More Negative Side Effects: Affordability

Back in 2007 Barcelona’s downtown residents were already feeling the impact of their city’s rising popularity. Property rental prices in the city centre had become unaffordable for locals. The authentic feel of La Barceloneta and other traditional ‘barrios’ was largely lost as the areas became more and more touristy. Not just during the day, but also at night. Residential buildings were refurbished to cater to AirBnB guests, while local shops disappeared. The situation was so dire that the local government decided to ban hotels in the city centre to try and mend the unwanted situation. 

Eventually, it became clear to city makers that Barcelona was facing an unprecedented challenge of having to deal with the tremendous impact of the city’s attractiveness to tourists. In just two decades Barcelona went from a industrial regional capital to one of Europe’s hotspots. The 1992 Olympic games only added fuel to the fire and low-cost companies did the rest. 

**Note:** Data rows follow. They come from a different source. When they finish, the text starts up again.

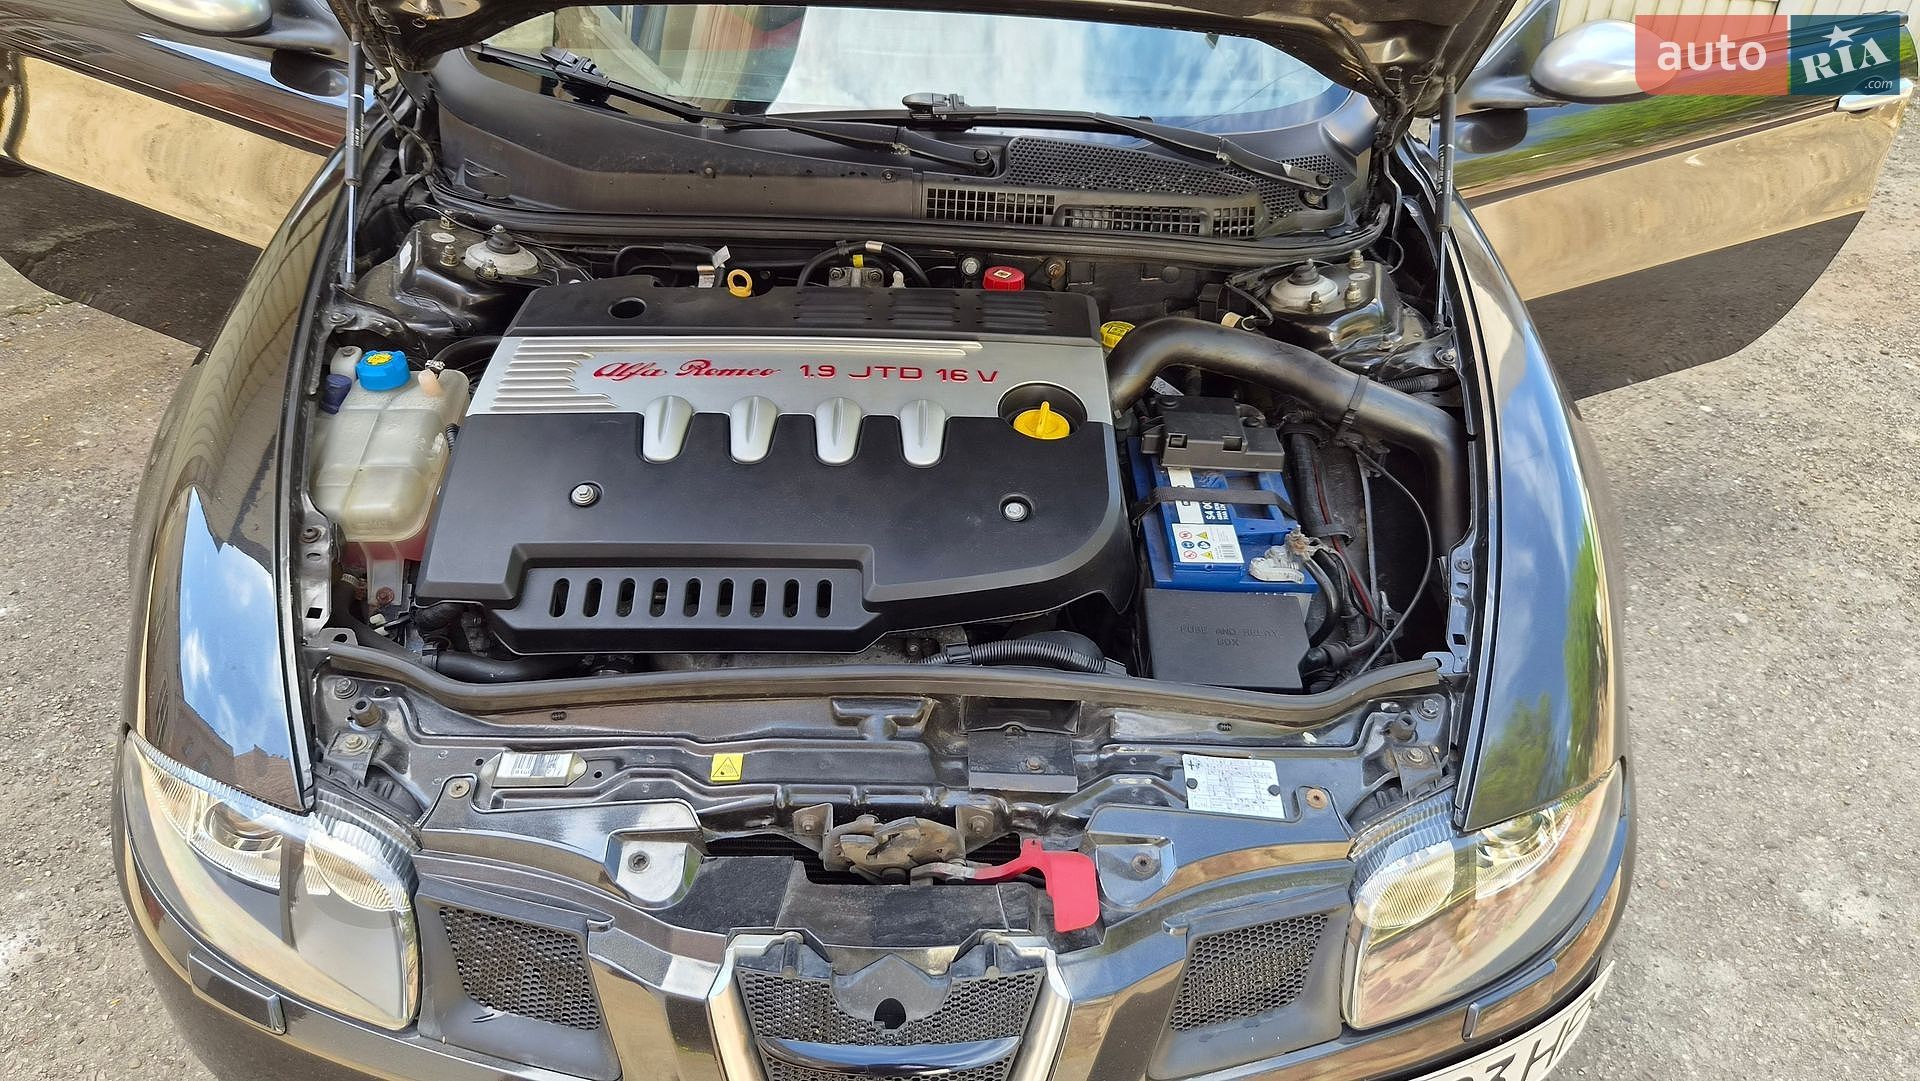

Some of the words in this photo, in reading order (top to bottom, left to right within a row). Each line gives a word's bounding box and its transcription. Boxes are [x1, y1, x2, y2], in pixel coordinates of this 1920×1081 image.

[592, 361, 668, 382] Alfa
[674, 358, 782, 378] Romeo
[799, 364, 838, 379] 1.9
[847, 365, 924, 382] JTD
[935, 368, 970, 384] 16
[976, 370, 1000, 385] V

“Can anyone blame the tourists for visiting a city and having a great vacation”, asks Albert? “Of course not, but everything should be better managed and regulated by legislation to make the city enjoyable for everyone without jeopardizing the quality of life of residents.”

Keeping the Balance

So the question then becomes: how can we maintain a balance between having an enjoyable public space for everyone, both tourists and residents, while safeguarding it from an overwhelming tourist influx that would certainly decrease its attractiveness along with the quality of life? The key is to understand that once we have made a place attractive, it is very difficult to turn it back. To tackle the issue of touristification we need to look at the bigger picture. It is really a question of inclusivity. 

Reframing the Problem

According to Albert, tourism should be grasped as an inherent activity of the the city, not as an external discrete object. More than 150 000 tourists flock to Barcelona each day. However, this is number alone is not a problem. Rather, it should be contextualized according to the effects generated in the city.Restrictive measures to regulate activities are just part of the solution but there is no unique answer to tackle a phenomena such as overtourism. The answer lies in reframing the problem. 

In the current status quo the wealth generated by tourism does not flow back into the whole of the city and its inhabitants. At the same time Barcelona residents suffer many negative side effects: lack of affordable housing in the city centre, inaccessible heritage sites that are no longer public, diminishing sense of ownership and community feel in the neighbourhoods, to name a few. There is no question that tourist amenities should be present in a city, but a local grocery shop should not be closed down to give way to another fish spa or a Nutella store. The problem is not the tourists per se. It is not just a matter of how many visitors can carry the city but but the lack of integration of tourism-related effects in the general urban agenda. 

Integrated Policy

We won’t solve tourism-related issues through tourism policies solely, but with an integrated urban agenda for tourism activities.” Albert proposes the swift implementation by the municipality of an integrated strategy for managing the destination by ensuring its sustainability, reconciling to the maximum all the elements at stake and promoting the greatest possible social return of tourism activities satisfying the enjoyment of visitors without jeopardizing the quality of life of the locals.

He believes that the integration of tourism in the Barcelonese urban agenda should be prioritized. Tourist-related revenues, although they are very scarce yet, should be invested directly in city infrastructure, affordable housing programmes, better public spaces throughout the city and so on. The adequate redistribution of wealth generated from tourism should benefit Barcelona residents and help create a more sustainable long-term strategy for tourism. 

Barcelona offers a vivid example of how tourism can overwhelm a city. At the same time it shows a way forward which makes compatible the interests of tourists and the rights of residents, instead of treating them as mutually exclusive. Inclusiveness should never give place to opportunism, and sustainability must become a top priority for every city, providing great places for both local residents and foreign visitors.